As indicated
previously, Rav Kook and others believe that in the Messianic epoch, human
conduct will have improved to such a degree that animal sacrifices will not be
necessary to atone for sins. There will only be non-animal sacrifices to express
thanks to God.
As also indicated, based on the prophecy of Isaiah (11:6-9),
Rav Kook and others believe that the Messianic period will be vegetarian.
While most Jewish scholars assume that all Jews ate meat during the time that
the Temple stood, it is significant that some (Tosafot, Yoma 3a, and Rabbenu Nissim,
Sukkah 42b) assert that even during the Temple period it was not an absolute requirement
to eat meat!
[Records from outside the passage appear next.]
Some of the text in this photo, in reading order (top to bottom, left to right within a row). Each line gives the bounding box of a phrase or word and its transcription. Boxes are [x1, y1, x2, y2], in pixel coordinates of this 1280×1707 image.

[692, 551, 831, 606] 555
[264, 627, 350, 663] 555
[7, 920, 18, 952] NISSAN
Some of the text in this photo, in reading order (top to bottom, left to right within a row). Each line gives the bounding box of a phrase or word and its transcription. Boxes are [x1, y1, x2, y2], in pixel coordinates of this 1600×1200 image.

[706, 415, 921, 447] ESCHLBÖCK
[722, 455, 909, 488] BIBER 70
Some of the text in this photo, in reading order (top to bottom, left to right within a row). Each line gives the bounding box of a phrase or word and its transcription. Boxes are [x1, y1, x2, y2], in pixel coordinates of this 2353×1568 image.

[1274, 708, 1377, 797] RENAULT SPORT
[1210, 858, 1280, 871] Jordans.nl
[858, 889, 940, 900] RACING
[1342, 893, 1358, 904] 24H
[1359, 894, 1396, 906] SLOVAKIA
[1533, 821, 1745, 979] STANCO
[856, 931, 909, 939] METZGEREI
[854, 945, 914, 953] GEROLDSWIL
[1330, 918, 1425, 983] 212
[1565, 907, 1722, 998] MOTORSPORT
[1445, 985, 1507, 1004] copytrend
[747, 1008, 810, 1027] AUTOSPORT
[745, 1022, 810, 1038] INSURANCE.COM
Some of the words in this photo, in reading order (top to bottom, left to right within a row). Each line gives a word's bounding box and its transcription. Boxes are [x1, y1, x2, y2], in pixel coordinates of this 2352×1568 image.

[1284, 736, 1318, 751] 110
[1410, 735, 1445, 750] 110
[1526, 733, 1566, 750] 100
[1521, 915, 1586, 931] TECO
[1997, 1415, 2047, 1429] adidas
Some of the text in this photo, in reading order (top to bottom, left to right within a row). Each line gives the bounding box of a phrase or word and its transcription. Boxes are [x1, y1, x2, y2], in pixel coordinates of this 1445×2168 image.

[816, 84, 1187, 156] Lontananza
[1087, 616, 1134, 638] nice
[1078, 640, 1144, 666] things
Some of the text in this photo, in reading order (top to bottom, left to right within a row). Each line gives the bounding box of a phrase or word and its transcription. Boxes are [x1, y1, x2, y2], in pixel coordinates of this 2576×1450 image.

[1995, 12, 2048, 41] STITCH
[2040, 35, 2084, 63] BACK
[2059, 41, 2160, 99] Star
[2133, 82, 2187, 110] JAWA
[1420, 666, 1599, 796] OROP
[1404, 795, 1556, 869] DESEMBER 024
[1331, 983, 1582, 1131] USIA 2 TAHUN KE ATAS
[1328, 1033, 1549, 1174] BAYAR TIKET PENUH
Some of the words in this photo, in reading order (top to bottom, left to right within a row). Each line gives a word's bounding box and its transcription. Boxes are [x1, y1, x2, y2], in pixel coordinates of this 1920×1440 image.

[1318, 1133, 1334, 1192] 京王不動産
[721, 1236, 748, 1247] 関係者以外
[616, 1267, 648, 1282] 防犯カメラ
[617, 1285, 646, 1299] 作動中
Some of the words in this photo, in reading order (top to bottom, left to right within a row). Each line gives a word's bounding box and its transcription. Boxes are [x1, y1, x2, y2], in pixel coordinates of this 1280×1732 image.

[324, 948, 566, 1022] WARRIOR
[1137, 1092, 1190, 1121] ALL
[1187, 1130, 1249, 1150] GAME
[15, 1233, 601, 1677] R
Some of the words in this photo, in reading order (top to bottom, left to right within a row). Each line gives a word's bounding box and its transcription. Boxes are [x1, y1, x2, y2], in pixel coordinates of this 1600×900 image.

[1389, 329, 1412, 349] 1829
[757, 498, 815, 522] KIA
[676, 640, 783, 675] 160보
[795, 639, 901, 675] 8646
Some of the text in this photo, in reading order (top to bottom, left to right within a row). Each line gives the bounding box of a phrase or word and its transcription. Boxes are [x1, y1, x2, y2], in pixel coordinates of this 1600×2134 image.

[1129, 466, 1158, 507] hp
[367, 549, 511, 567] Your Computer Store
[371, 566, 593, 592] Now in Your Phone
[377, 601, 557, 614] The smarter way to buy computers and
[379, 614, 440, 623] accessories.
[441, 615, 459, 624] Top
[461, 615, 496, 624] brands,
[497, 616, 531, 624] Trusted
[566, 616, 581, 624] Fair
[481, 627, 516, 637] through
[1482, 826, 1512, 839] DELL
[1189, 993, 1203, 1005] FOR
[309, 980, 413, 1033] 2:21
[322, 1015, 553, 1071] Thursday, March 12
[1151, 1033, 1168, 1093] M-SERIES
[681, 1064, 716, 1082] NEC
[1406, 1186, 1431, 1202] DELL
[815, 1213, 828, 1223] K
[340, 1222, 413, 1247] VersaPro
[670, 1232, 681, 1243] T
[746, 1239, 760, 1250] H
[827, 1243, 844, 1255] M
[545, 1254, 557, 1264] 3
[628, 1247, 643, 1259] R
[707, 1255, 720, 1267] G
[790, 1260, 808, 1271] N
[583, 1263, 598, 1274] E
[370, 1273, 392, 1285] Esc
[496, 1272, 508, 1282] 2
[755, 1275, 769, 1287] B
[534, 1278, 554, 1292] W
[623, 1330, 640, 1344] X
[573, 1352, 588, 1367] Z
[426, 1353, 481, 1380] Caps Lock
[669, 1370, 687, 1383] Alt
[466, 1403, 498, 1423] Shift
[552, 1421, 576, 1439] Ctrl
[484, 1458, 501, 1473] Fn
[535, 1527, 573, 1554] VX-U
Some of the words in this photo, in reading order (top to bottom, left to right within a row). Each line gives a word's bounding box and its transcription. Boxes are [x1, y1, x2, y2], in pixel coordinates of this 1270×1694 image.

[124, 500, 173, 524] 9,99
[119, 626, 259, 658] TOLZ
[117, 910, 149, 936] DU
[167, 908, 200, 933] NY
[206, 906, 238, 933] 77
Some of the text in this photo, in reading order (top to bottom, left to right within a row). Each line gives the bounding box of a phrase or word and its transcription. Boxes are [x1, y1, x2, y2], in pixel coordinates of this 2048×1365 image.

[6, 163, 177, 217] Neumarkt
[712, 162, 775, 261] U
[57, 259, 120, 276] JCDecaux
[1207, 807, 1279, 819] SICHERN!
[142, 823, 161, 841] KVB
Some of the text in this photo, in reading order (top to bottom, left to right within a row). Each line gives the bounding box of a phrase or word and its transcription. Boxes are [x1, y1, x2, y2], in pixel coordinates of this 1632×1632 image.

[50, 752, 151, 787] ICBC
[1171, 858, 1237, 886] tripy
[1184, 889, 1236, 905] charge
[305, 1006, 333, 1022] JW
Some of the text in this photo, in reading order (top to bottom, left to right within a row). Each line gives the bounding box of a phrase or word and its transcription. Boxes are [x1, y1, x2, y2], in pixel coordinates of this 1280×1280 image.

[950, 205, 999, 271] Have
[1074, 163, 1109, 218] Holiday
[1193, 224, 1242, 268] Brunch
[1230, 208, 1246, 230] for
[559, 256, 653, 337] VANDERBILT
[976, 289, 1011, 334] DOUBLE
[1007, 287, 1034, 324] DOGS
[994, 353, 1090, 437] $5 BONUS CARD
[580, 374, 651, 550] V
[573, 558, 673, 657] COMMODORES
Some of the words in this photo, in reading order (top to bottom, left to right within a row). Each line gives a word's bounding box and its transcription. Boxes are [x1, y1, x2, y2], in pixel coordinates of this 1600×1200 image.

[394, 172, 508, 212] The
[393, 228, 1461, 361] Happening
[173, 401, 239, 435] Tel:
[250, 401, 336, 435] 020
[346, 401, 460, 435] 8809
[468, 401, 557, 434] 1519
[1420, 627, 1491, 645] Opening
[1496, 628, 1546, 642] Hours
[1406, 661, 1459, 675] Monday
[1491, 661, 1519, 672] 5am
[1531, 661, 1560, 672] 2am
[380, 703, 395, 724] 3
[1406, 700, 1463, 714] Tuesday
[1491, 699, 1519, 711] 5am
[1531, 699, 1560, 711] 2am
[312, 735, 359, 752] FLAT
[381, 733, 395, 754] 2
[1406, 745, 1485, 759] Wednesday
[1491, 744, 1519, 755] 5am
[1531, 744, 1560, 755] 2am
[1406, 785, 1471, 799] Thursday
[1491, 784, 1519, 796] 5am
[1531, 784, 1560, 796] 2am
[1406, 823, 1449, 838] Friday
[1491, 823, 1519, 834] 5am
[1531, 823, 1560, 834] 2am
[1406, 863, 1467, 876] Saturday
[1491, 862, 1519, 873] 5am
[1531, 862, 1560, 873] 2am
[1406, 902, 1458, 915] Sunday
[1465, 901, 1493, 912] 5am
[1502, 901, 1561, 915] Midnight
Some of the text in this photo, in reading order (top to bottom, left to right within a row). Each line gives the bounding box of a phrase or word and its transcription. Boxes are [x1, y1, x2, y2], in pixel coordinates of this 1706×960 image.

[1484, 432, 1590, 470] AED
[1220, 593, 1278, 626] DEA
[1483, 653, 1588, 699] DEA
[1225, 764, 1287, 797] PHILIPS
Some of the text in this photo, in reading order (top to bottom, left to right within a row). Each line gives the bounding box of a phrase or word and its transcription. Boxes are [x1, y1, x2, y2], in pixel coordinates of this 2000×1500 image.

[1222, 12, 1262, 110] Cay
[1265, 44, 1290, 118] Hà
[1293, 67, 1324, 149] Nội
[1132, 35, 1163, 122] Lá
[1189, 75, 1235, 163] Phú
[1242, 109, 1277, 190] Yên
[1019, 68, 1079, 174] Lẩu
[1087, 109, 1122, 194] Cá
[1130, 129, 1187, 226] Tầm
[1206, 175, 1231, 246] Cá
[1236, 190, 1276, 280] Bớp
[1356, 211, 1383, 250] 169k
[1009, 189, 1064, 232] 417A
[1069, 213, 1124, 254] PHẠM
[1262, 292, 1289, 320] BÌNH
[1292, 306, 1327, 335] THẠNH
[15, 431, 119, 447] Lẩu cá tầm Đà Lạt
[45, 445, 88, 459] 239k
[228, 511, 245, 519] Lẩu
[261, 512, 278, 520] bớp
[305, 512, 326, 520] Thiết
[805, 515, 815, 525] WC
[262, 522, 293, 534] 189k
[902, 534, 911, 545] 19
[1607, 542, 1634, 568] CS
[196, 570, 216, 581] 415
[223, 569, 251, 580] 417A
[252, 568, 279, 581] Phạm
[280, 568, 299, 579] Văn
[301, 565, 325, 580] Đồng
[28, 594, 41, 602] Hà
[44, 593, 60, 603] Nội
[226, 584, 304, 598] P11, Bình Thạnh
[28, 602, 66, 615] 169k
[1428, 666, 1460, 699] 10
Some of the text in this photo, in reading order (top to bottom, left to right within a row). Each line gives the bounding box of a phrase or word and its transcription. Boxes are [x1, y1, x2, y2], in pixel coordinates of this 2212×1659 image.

Rabbenu Nissim characterizes the "requirement" to eat the meat of
festival offerings as mitsvah min ha-muvhar, that is the optimum way of fulfilling
the mitzvah of rejoicing on the festival, but not an absolute requirement. Moshe
Halevi Steinberg, in the responsa previously mentioned points out that vegetarianism
for health reasons did not conflict with halacha even in Temple times. He indicates
that one could be a vegetarian the whole year, and by eating a kazayit
(olive-size portion which, due to its size, would not damage his health) of meat,
he would fulfill the mitzva of eating the meat of sacrifices. Even a kohen
(priest) could be vegetarian except when his turn came to eat of the sacrifices
during his period of duty (about 2 weeks), when he, too, could eat just a kazayit.
He actually could eat even less according to the Hatani Sofer, since many kohanim
could join together to eat the required amount, so that the vegetarian kohen could
eat even less than a kazayit.
R. Steinberg notes that among the
things listed as disqualifying a kohen from service in the Temple, vegetarianism
is not included, since he could arrange the problem of the eating of the sacrifices
in one of the ways listed above. However, R. Steinberg adds, a kohen who became
a vegetarian because his soul recoiled against eating meat would not have been
allowed to serve in the sanctuary since if he forced himself to swallow a kazayit
of meat, it would not fulfill the halachic definition of "eating".